August 5, 2025 ยท View on GitHub

Inference and Evaluate Using Segmentation Model

Please refer to MIC-DKFZ/nnUNet to build the segmentation environment and run the code.

The last iteration(test on Messidor) of the segmentation model(nnU-Net) in Fundus-Engine is open sourced to huggingface for reference. You can refer to infer_seg.py to call the nnU-Net model for inference.

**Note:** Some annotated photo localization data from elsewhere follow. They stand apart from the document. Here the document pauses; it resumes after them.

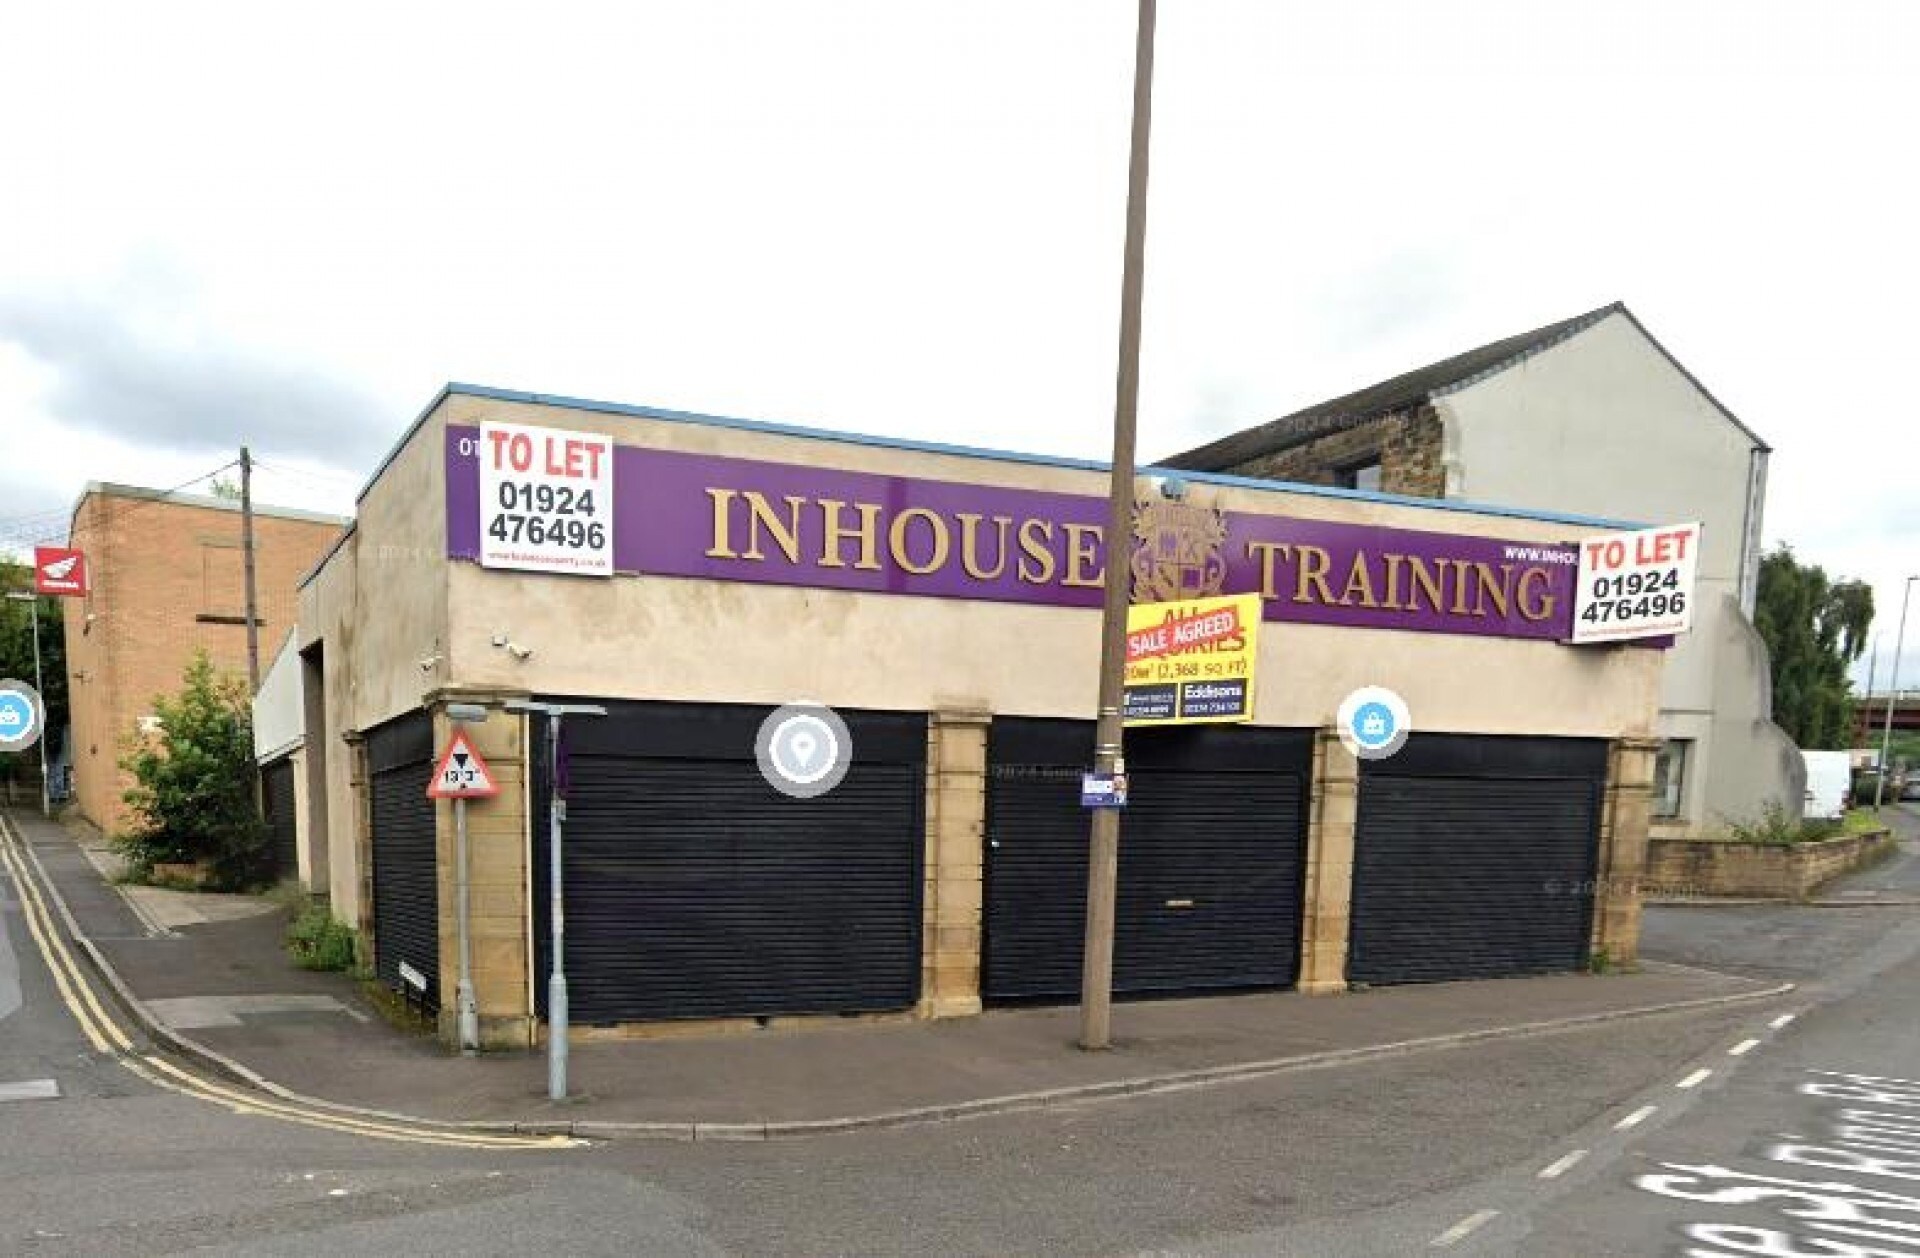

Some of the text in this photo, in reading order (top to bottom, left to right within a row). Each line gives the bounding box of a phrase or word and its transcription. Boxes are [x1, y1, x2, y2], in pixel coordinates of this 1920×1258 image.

[487, 430, 606, 480] TO LET
[499, 480, 595, 517] 01924
[489, 513, 606, 551] 476496
[1587, 530, 1692, 570] TO LET
[1245, 541, 1555, 622] TRAINING
[1593, 567, 1678, 599] 01924
[1581, 591, 1686, 624] 476496
[1128, 628, 1168, 657] SALE
[1173, 610, 1234, 646] AGREED
[1204, 662, 1223, 676] SQ
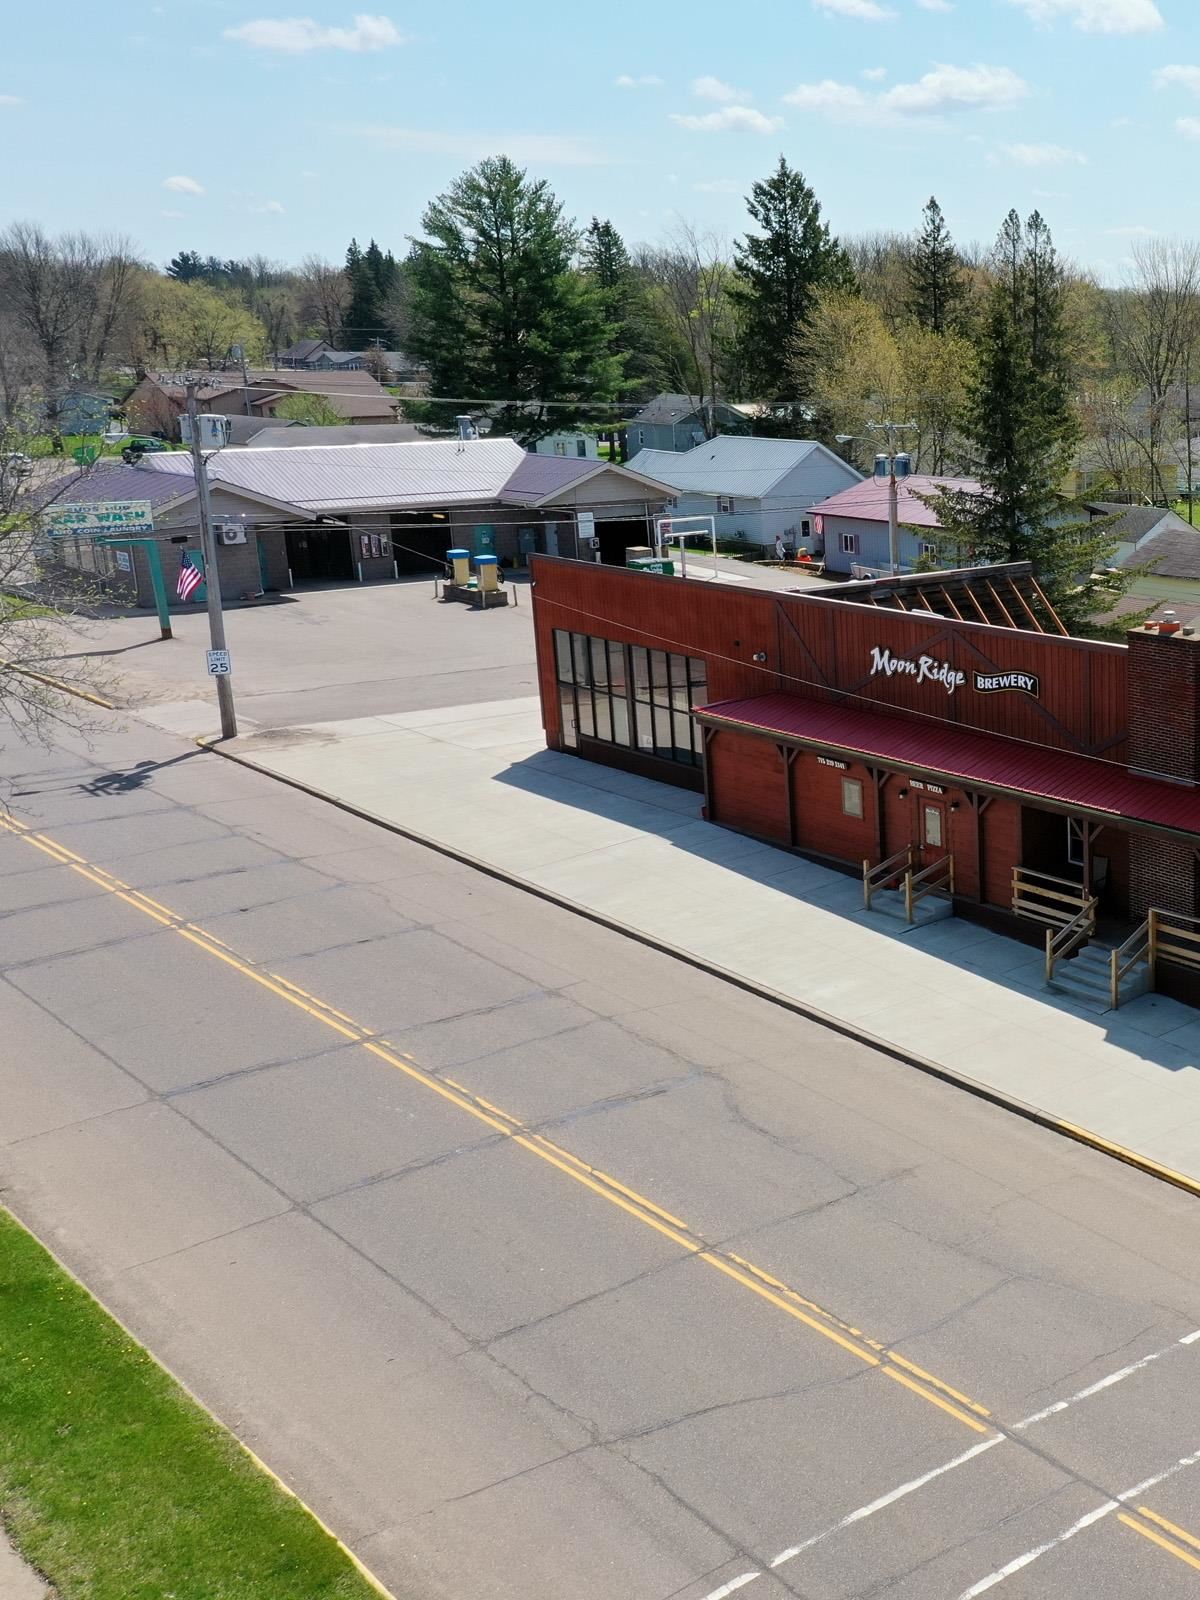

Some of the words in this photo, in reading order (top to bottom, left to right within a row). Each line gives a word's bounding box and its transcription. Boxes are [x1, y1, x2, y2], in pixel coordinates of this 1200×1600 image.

[95, 511, 145, 522] WASH
[103, 525, 147, 533] LAUNDRY
[210, 663, 228, 673] 25
[870, 647, 917, 676] Moon
[916, 655, 966, 694] Ridge
[976, 674, 1034, 691] BREWERY
[909, 779, 924, 790] BEER
[926, 784, 943, 794] PIZZA
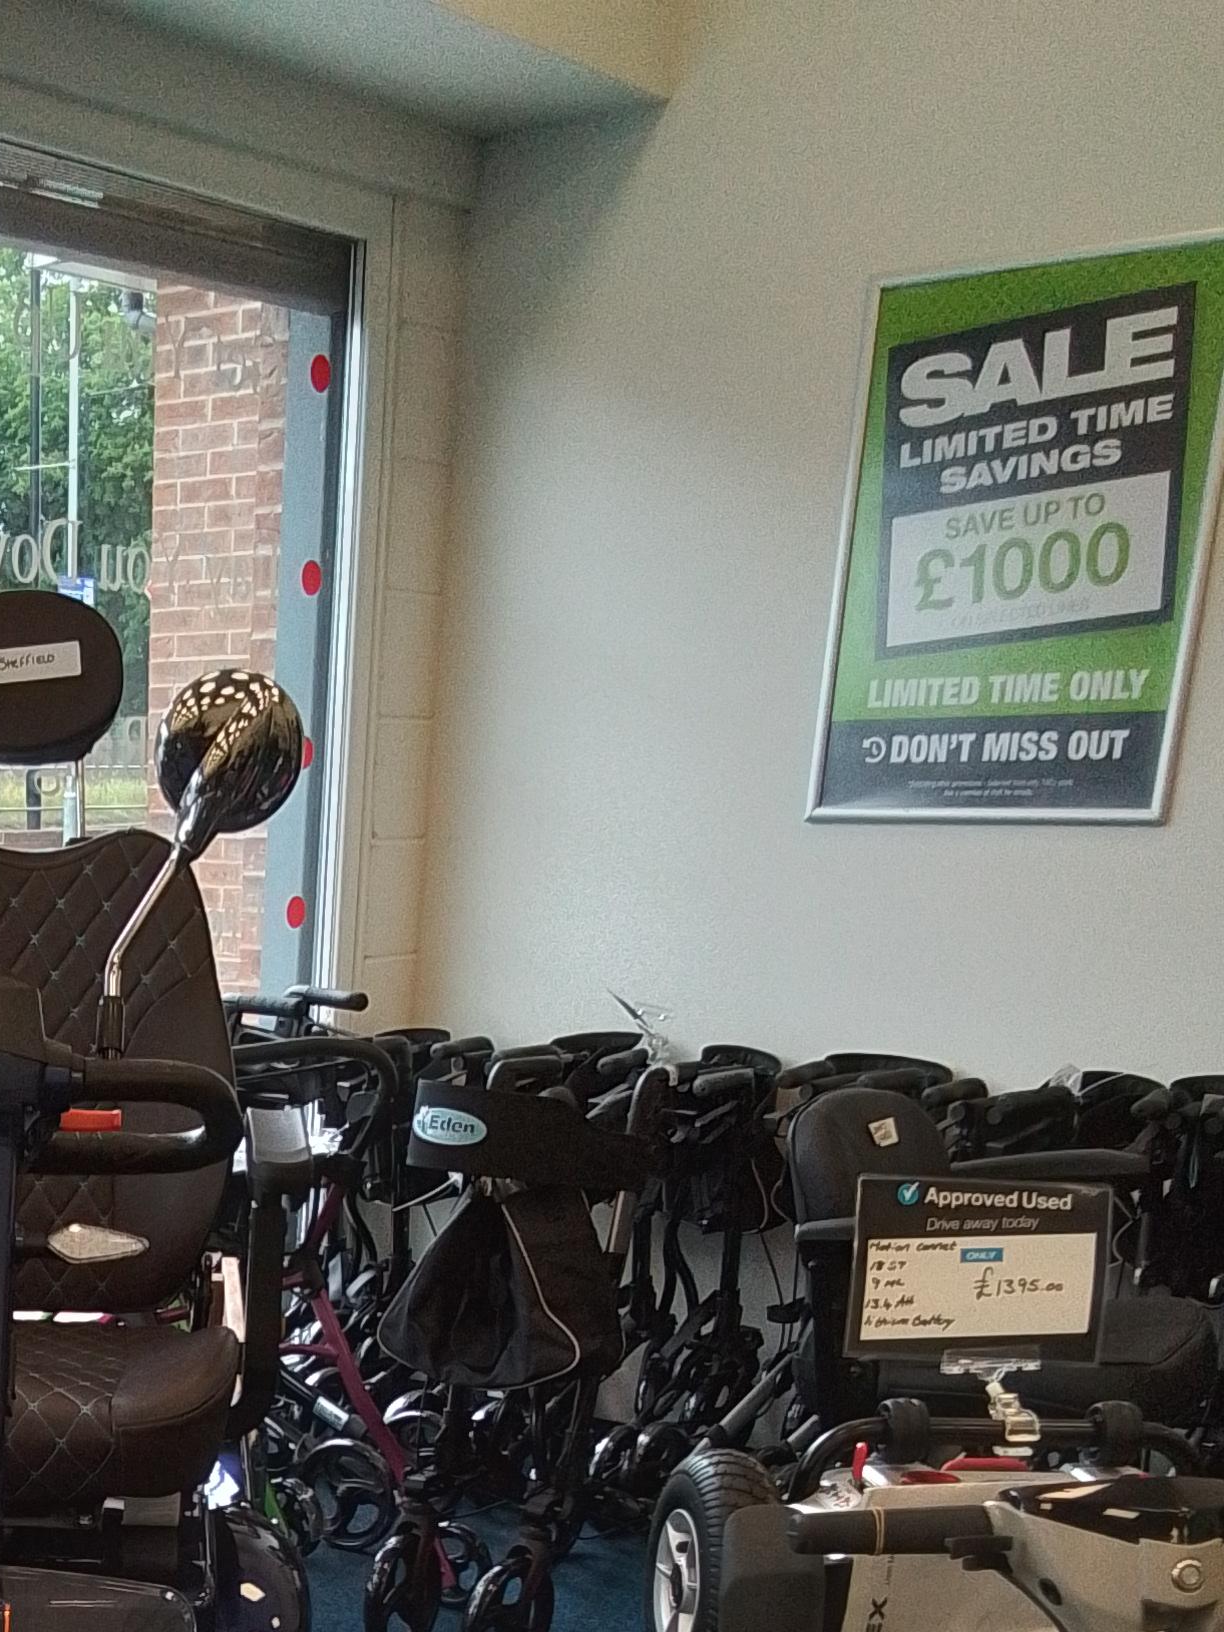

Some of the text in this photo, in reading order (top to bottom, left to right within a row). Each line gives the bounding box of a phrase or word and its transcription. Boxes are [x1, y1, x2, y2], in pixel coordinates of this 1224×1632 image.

You can refer to eval_seg.py to evaluate. Usage:

python eval_seg.py \
    --folder_ref gt/folder \
    --folder_pred predicted/folder \
    --output_dir output/dir

Convert Segmented Pixels to Bbox Coordinates

pixel2bbox.py processes binary segmentation masks to generate bounding boxes for objects of interest.

Usage:

python pixel2bbox.py \
    --mask_folder /path/to/masks \
    --image_folder /path/to/images \
    --output_folder /path/to/output \
    --label_name "ObjectOfInterest" \
    --pixel_intensity 1 \
    --eps 160 \
    --min_samples 10 \
    --area_threshold 100

The mask corresponding to the image should have the same file name.

Label_name is the name of the feature corresponding to the mask.

Pixel_intensity, eps, min_samples and area_threshold are clustering parameters.